Court Opinion

ID: 9470377
Source: CourtListenerOpinion
Date Created: 2023-08-05 03:04:12.470207+00
Date Added: 2024-06-11T17:41:51.957044
License: Public Domain

SETH, Chief Judge,
concurring:
I concur in the result reached by the majority, but would apply Wainwright to the issues included in the petition before us but which were not raised in petitioner’s direct appeal.

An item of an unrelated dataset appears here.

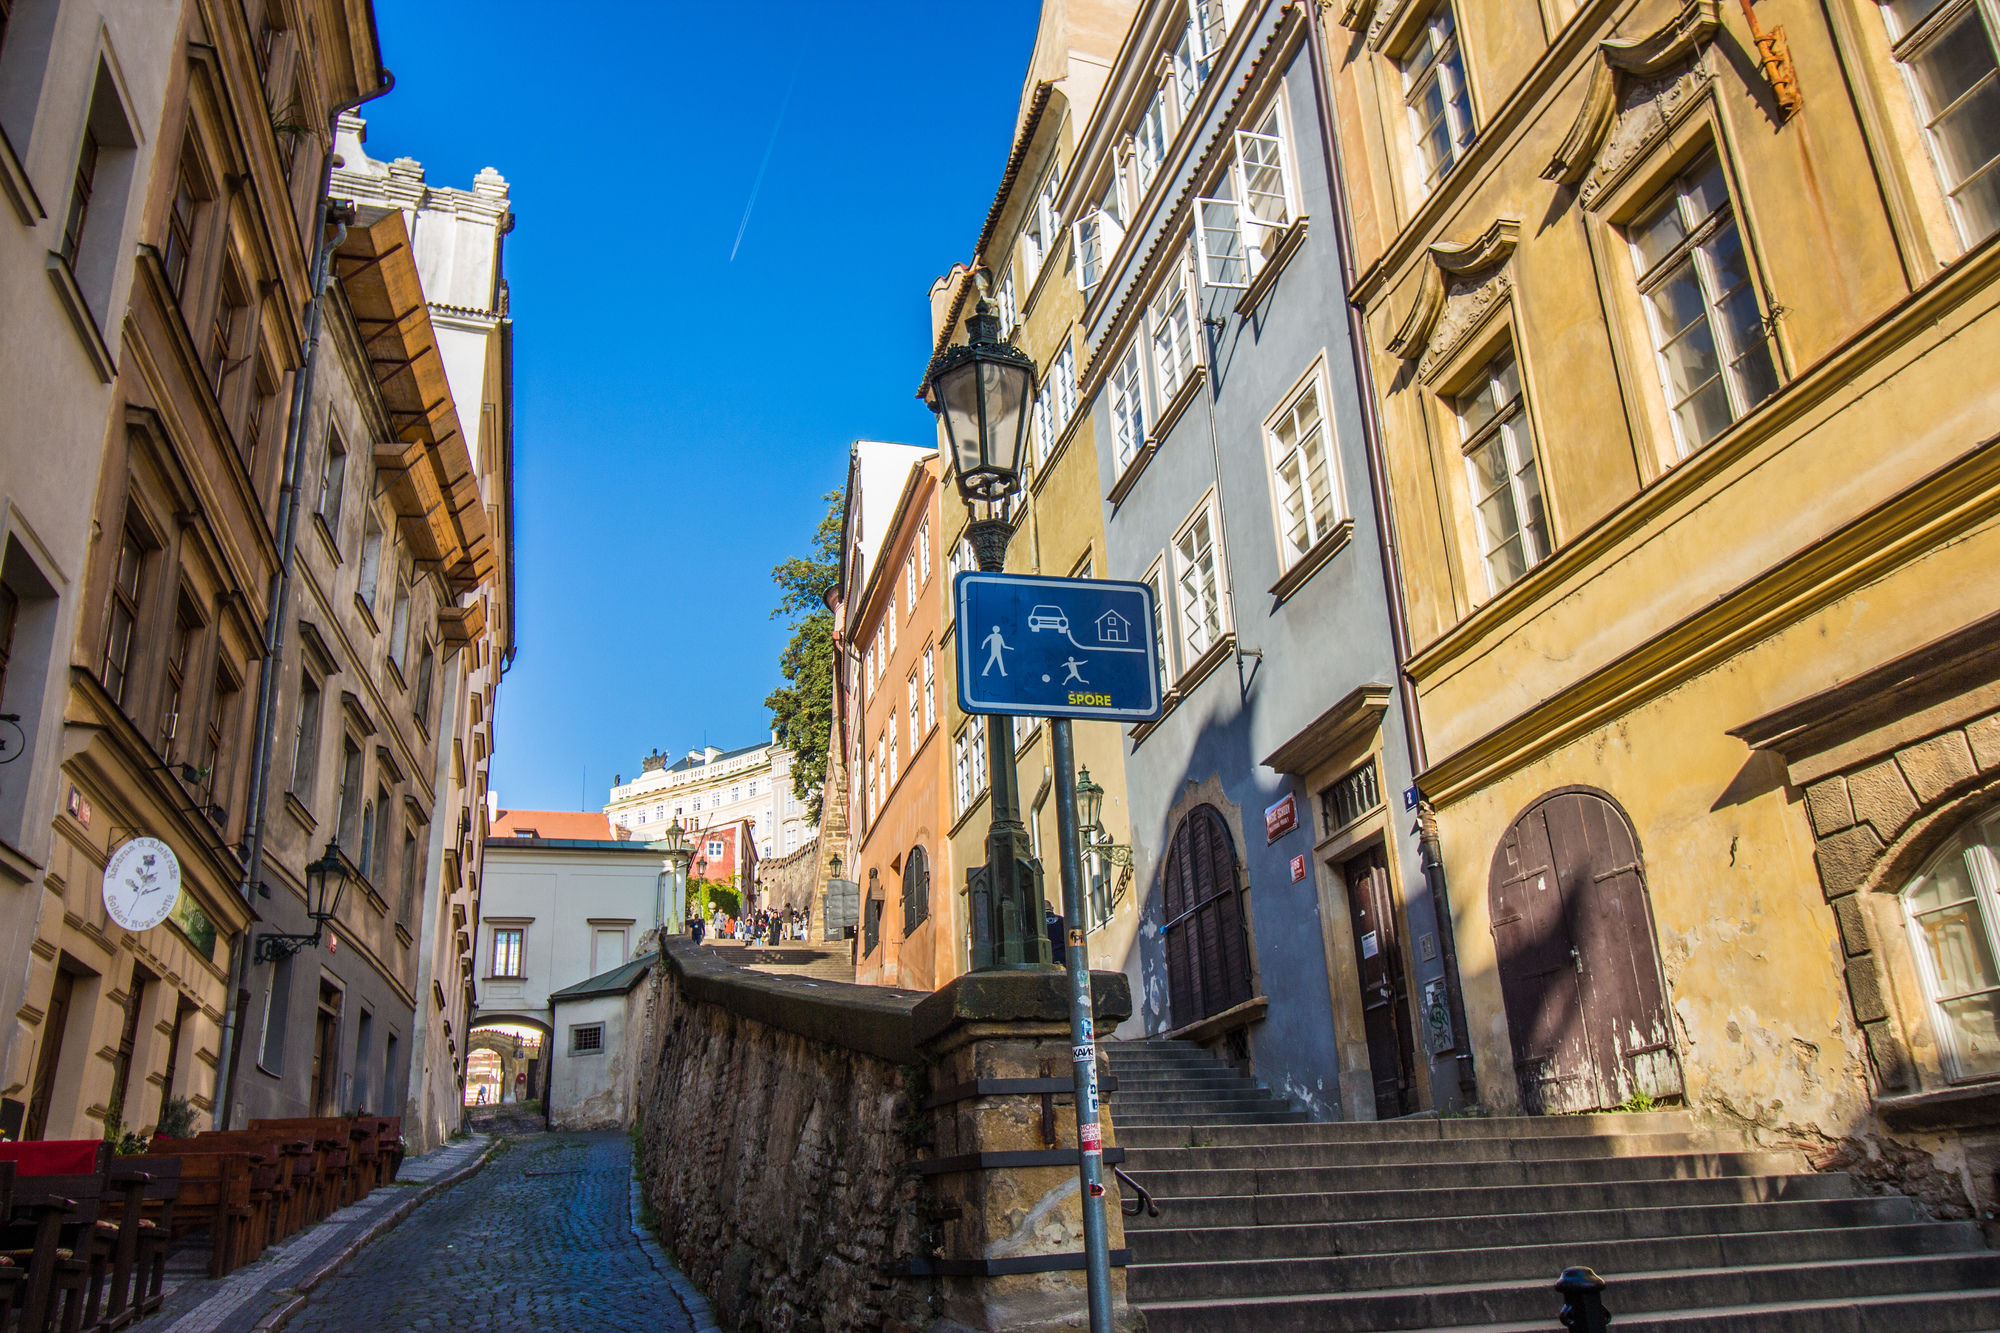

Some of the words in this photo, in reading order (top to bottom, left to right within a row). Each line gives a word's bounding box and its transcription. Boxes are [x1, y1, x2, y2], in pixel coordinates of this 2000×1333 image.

[1068, 694, 1111, 706] SPORE
[1406, 791, 1412, 804] 2
[107, 895, 129, 924] Golden

The majority clearly describes the choice between Wainwright and Fay v. Noia. My only departure is that the issues not raised on the state appeal are to be matters within the control and discretion of the attorney as in Wainwright and who may wish to save them for another day as a matter of strategy, with consideration of the interrelationship of the several issues and the effective presentation of selected issues or other reasons. In any event, the context is the same as for the issue considered in Wainwright, and the decision, together with Rose v. Lun-dy, 455 U.S. 509, 102 S.Ct. 1198, 71 L.Ed.2d 379, and United States v. Frady, 456 U.S. 152,102 S.Ct. 1584, 71 L.Ed.2d 816, suggests that we should apply to appeals in the state courts the statement there made:
“There is nothing in the Constitution or in the language of § 2254 which requires that the state trial on the issue of guilt or innocence be devoted largely to the testimony of fact witnesses directed to the elements of the state crime, while only later will there occur in a federal habeas hearing a full airing of the federal constitutional claims which were not raised in the state proceedings. If a criminal defendant thinks that an action of the state trial court is about to deprive him of a federal constitutional right there is every reason for his following state procedure in making known his objection.
“The ‘cause’-and-‘prejudice’ exception of the Francis rule will afford an adequate guarantee . ... ”
The concurring opinions of Justices Burger and Stevens to me also indicate the application of Wainwright should be made.